### SOURCE DATA
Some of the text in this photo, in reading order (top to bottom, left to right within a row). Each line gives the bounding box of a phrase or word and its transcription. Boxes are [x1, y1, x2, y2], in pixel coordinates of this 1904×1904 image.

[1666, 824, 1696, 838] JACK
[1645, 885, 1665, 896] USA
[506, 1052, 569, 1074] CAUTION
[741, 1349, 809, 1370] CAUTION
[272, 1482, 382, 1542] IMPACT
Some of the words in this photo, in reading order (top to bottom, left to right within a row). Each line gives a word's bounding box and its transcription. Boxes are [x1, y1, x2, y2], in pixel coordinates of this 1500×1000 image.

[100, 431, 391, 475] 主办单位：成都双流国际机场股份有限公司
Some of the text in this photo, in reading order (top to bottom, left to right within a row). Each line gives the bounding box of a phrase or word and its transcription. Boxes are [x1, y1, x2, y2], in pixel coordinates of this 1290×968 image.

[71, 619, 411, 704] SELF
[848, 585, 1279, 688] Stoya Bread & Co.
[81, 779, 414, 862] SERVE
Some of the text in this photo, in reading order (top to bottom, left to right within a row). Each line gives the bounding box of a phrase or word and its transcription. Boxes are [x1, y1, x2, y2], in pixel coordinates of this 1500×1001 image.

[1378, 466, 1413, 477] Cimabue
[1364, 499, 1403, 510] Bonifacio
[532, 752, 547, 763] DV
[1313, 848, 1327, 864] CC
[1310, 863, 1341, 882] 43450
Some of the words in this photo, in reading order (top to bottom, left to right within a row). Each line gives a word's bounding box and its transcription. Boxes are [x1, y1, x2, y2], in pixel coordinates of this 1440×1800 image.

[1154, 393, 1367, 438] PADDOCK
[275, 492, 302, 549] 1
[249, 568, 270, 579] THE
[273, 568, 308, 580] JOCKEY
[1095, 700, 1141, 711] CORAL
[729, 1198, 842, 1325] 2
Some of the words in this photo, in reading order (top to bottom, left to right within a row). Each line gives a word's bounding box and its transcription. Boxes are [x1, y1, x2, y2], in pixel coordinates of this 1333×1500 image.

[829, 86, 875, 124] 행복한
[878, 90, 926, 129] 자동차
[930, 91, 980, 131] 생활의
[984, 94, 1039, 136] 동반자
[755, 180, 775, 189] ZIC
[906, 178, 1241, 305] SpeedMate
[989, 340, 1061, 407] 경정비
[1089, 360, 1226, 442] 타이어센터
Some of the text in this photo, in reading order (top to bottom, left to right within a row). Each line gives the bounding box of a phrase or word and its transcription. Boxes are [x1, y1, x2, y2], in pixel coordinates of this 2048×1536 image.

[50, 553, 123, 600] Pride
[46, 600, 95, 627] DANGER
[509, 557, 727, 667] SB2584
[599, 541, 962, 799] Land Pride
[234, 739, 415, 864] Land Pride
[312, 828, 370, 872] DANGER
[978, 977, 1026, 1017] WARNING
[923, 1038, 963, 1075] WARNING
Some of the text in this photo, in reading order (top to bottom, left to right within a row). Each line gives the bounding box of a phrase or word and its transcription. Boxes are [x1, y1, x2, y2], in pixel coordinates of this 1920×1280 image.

### WHAT NEEDS TO BE DONE
Produce the entries above once more, identical in every detail.

### RESPONSE BELOW
Some of the text in this photo, in reading order (top to bottom, left to right within a row). Each line gives the bounding box of a phrase or word and its transcription. Boxes are [x1, y1, x2, y2], in pixel coordinates of this 1904×1904 image.

[1666, 824, 1696, 838] JACK
[1645, 885, 1665, 896] USA
[506, 1052, 569, 1074] CAUTION
[741, 1349, 809, 1370] CAUTION
[272, 1482, 382, 1542] IMPACT
Some of the words in this photo, in reading order (top to bottom, left to right within a row). Each line gives a word's bounding box and its transcription. Boxes are [x1, y1, x2, y2], in pixel coordinates of this 1500×1000 image.

[100, 431, 391, 475] 主办单位：成都双流国际机场股份有限公司
Some of the text in this photo, in reading order (top to bottom, left to right within a row). Each line gives the bounding box of a phrase or word and its transcription. Boxes are [x1, y1, x2, y2], in pixel coordinates of this 1290×968 image.

[71, 619, 411, 704] SELF
[848, 585, 1279, 688] Stoya Bread & Co.
[81, 779, 414, 862] SERVE
Some of the text in this photo, in reading order (top to bottom, left to right within a row). Each line gives the bounding box of a phrase or word and its transcription. Boxes are [x1, y1, x2, y2], in pixel coordinates of this 1500×1001 image.

[1378, 466, 1413, 477] Cimabue
[1364, 499, 1403, 510] Bonifacio
[532, 752, 547, 763] DV
[1313, 848, 1327, 864] CC
[1310, 863, 1341, 882] 43450
Some of the words in this photo, in reading order (top to bottom, left to right within a row). Each line gives a word's bounding box and its transcription. Boxes are [x1, y1, x2, y2], in pixel coordinates of this 1440×1800 image.

[1154, 393, 1367, 438] PADDOCK
[275, 492, 302, 549] 1
[249, 568, 270, 579] THE
[273, 568, 308, 580] JOCKEY
[1095, 700, 1141, 711] CORAL
[729, 1198, 842, 1325] 2
Some of the words in this photo, in reading order (top to bottom, left to right within a row). Each line gives a word's bounding box and its transcription. Boxes are [x1, y1, x2, y2], in pixel coordinates of this 1333×1500 image.

[829, 86, 875, 124] 행복한
[878, 90, 926, 129] 자동차
[930, 91, 980, 131] 생활의
[984, 94, 1039, 136] 동반자
[755, 180, 775, 189] ZIC
[906, 178, 1241, 305] SpeedMate
[989, 340, 1061, 407] 경정비
[1089, 360, 1226, 442] 타이어센터
Some of the text in this photo, in reading order (top to bottom, left to right within a row). Each line gives the bounding box of a phrase or word and its transcription. Boxes are [x1, y1, x2, y2], in pixel coordinates of this 2048×1536 image.

[50, 553, 123, 600] Pride
[46, 600, 95, 627] DANGER
[509, 557, 727, 667] SB2584
[599, 541, 962, 799] Land Pride
[234, 739, 415, 864] Land Pride
[312, 828, 370, 872] DANGER
[978, 977, 1026, 1017] WARNING
[923, 1038, 963, 1075] WARNING
Some of the text in this photo, in reading order (top to bottom, left to right within a row). Each line gives the bounding box of a phrase or word and its transcription. Boxes are [x1, y1, x2, y2], in pixel coordinates of this 1920×1280 image.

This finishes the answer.